Dadaism or Dada is a product of the turbulent and cynical post-World War I period. It is an anti-art movement that celebrates the irrational, the absurd, the nihilistic and the nonsensical. It is also opposed to the cruelty of the wars. Dadaists rejected traditional aesthetic standards and submitted that all concepts of beauty should be abandoned and a whole new art form should be created. The Dadaistic paintings are consisting of abstract, wired or even dull symbols.

Dadaism probably began in the Cabaret Voltaire in Zurich in 1916 and then prevailed in western society. Dadaistic works often illustrate absurdity through painting of purposeless machines and collages of discarded materials, expressing their cynicism about conventional ideas of form and their rejection of traditional concepts of beauty.

The reproduction of the Mona Lisa adorned with a mustache is a famous example. It is a famous work by Marcel Duchamp. He is a major figure in Dadaism who refused to follow a conventional artistic path. Duchamp penciled a moustache and a goatee over Mona Lisa's upper lip and chin, and re-titled the artwork. The title "L.H.O.O.Q" roughly translates as "she has a hot ass." Duchamp begins with the representation of an iconic masterpiece that he takes down from its basis by playfully debunking it. In endowing the Mona Lisa with masculine attributes, he alludes to Leonardo's homosexuality. By challenging the very notion of what is art, his works sent shock waves across the art world that can still be felt today.
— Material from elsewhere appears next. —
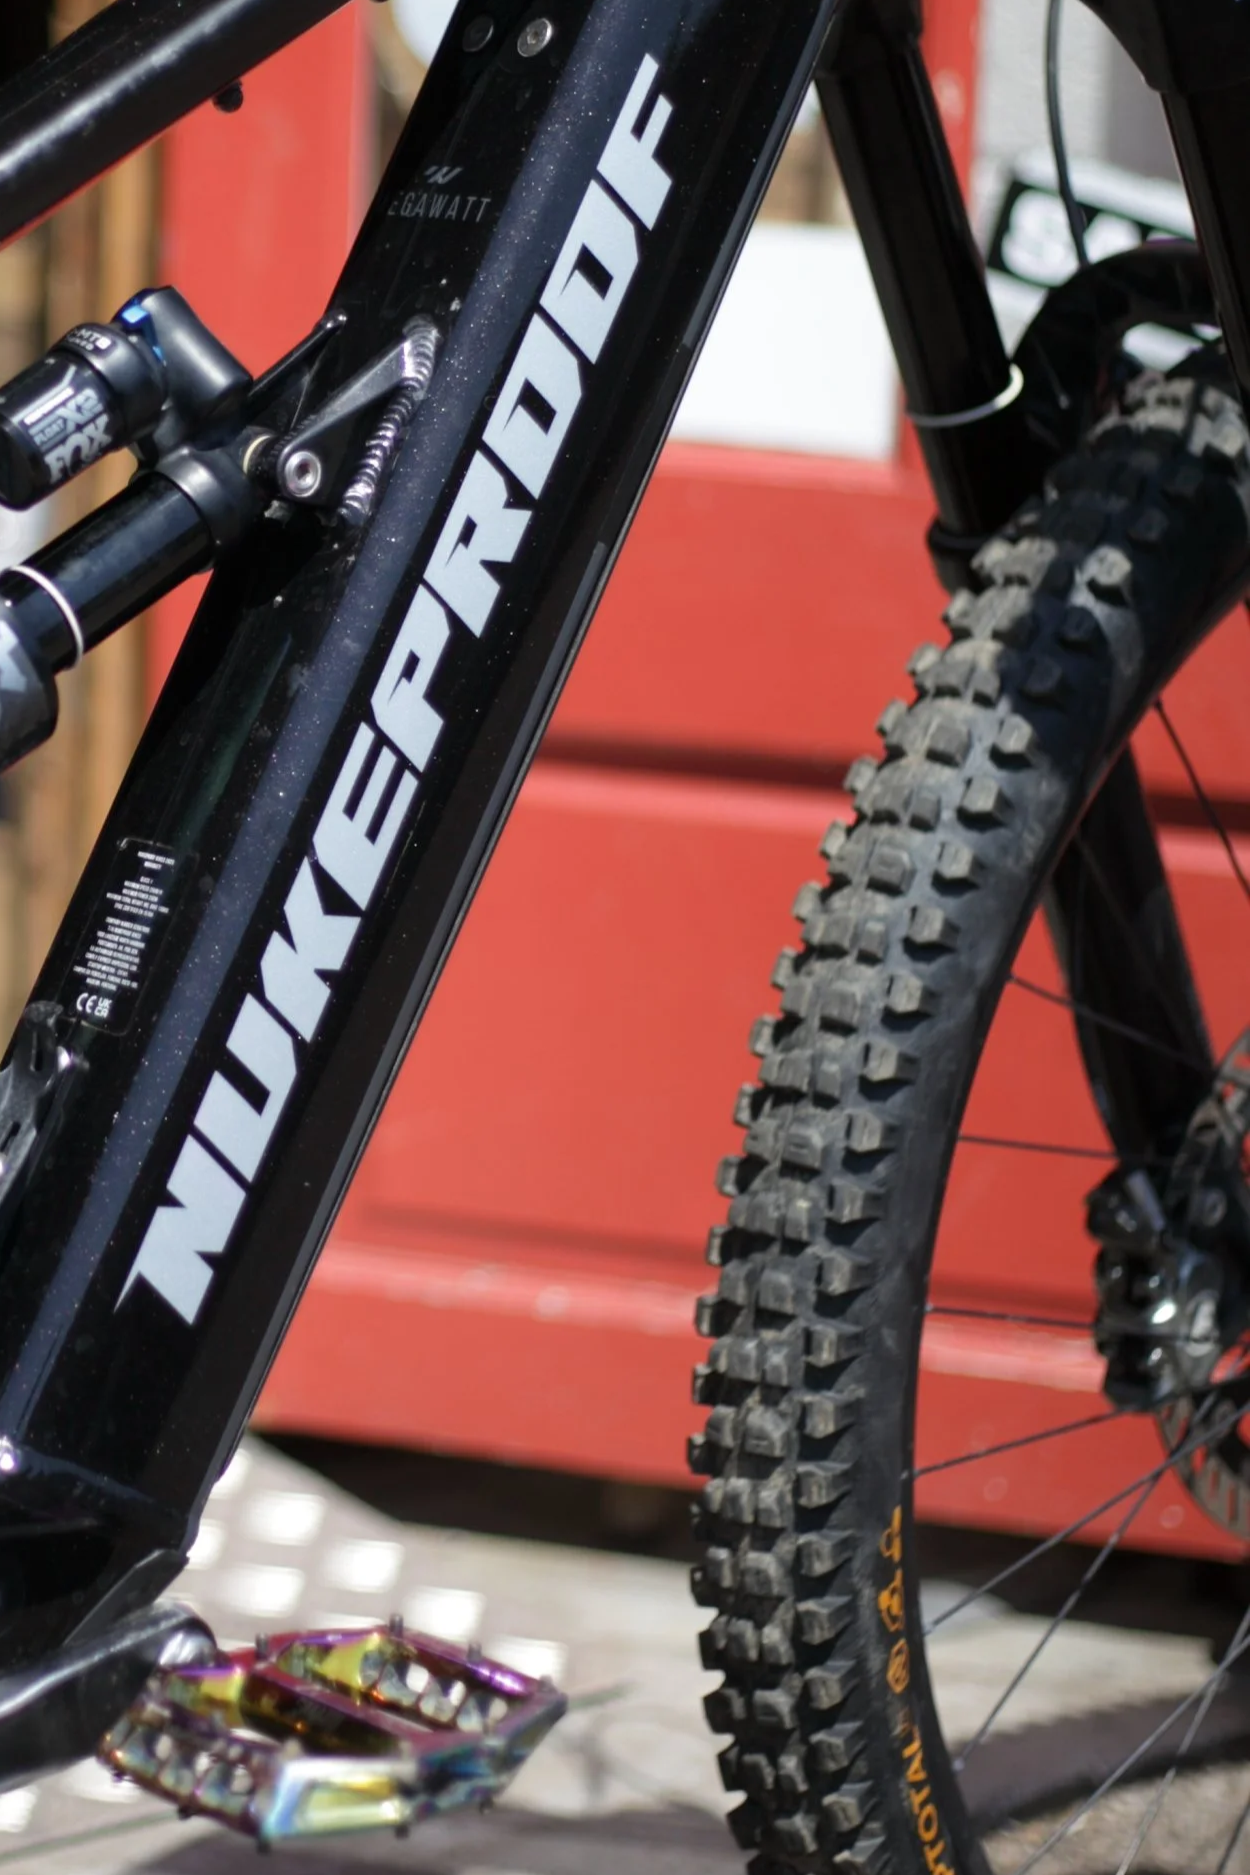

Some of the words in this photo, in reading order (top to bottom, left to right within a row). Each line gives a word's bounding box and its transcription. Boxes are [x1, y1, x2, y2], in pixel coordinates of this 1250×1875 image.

[388, 190, 492, 222] EGAWATT
[43, 413, 112, 485] FOX
[114, 53, 675, 1326] NUKEPROOF
Jean Tinguely is another influential Dadaist. A self-destroying sculpture titled Homage to New York is his best-known work. He was asked in 1960 to produce a work to be performed in the Sculpture Garden of the Museum of Modern Art in New York. This homage to the energy of a city keeps rebuilding itself time after time is a wonderful example of the different and sometimes conflicting conceptions of artists and engineers on how machines should work.

Dadaism incorporates the environment and spectators as active and important ingredients in the production of random events. It also has a great influence in later movements including Surrealism and Fluxus.